What can be done to lessen a tenant’s liability if they move out early but there is 11 months left on their lease?

I rented an apartment for my dad (lease under my name) because he has a bad credit. It was a 1 year lease that ended last month. He asked me to renew the lease earlier this summer, so I did. The new lease began this month and runs for another year. However, my dad moved out yesterday without telling me and now I’m stuck with this apartment with 11 months remaining on the lease. The apartment is rent stabilized with 21 units that don’t allow subletting. I thought about subletting without letting management know but read about some horror stories about subtenants not paying rent and not moving out. I’m not sure what to do. Any advise would be greatly appreciated.

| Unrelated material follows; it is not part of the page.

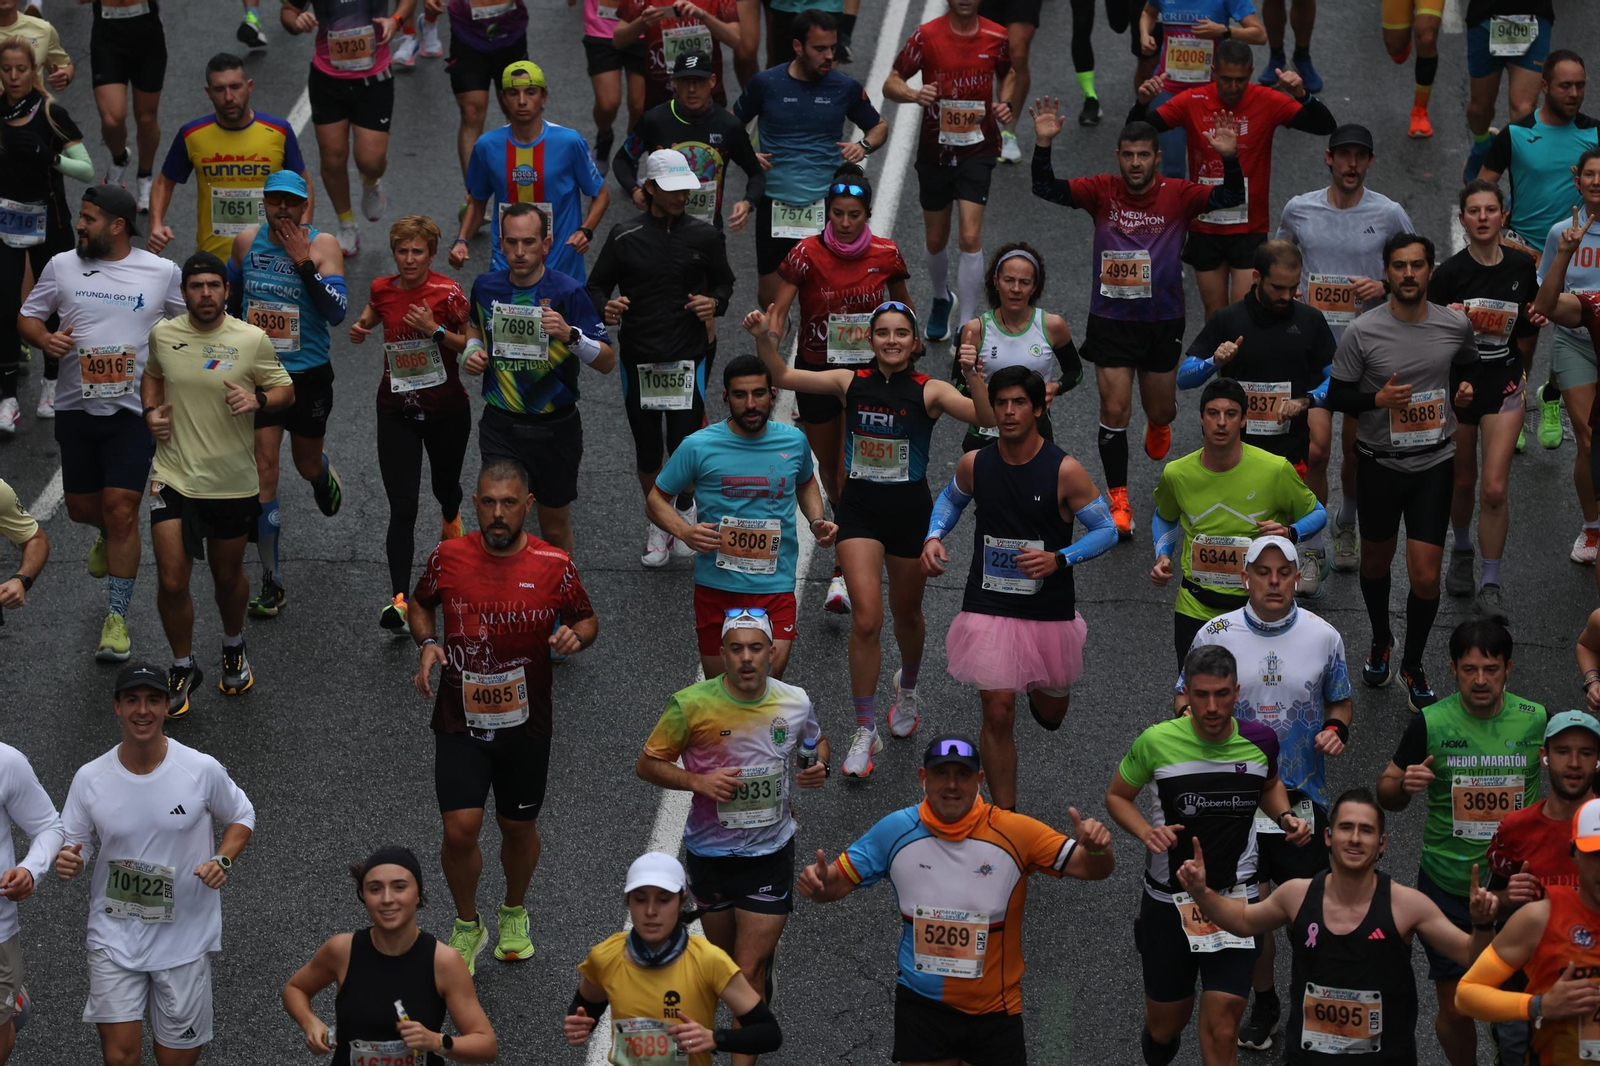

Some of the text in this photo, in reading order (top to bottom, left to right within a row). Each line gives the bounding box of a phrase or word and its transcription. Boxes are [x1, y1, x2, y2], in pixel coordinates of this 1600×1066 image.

Asked on October 24, 2015 under Real Estate Law, New York

Answers:

M.D., Member, California and New York Bar / FreeAdvice Contributing Attorney

Answered 5 years ago | Contributor

Since subletting is not allowed, you really shouldn't go that route illegally. The fact is that every landlord is under a duty to "mitigate damages". This means that if a tenant moves out, a landlord is under a legal duty to try and re-let the premises as soon as possible. In other words, a landlord cannot simply wait for the breached lease term to expire; they must actively seek out a replacement. Failure to do so can limit the amount of damages that the landlord can recover.
What this means for you is that, while you may have to cover a month or two of rent, you will probably pay no more than that. Your best bet at this point is to inform your landlord of your situation and see what you can work out.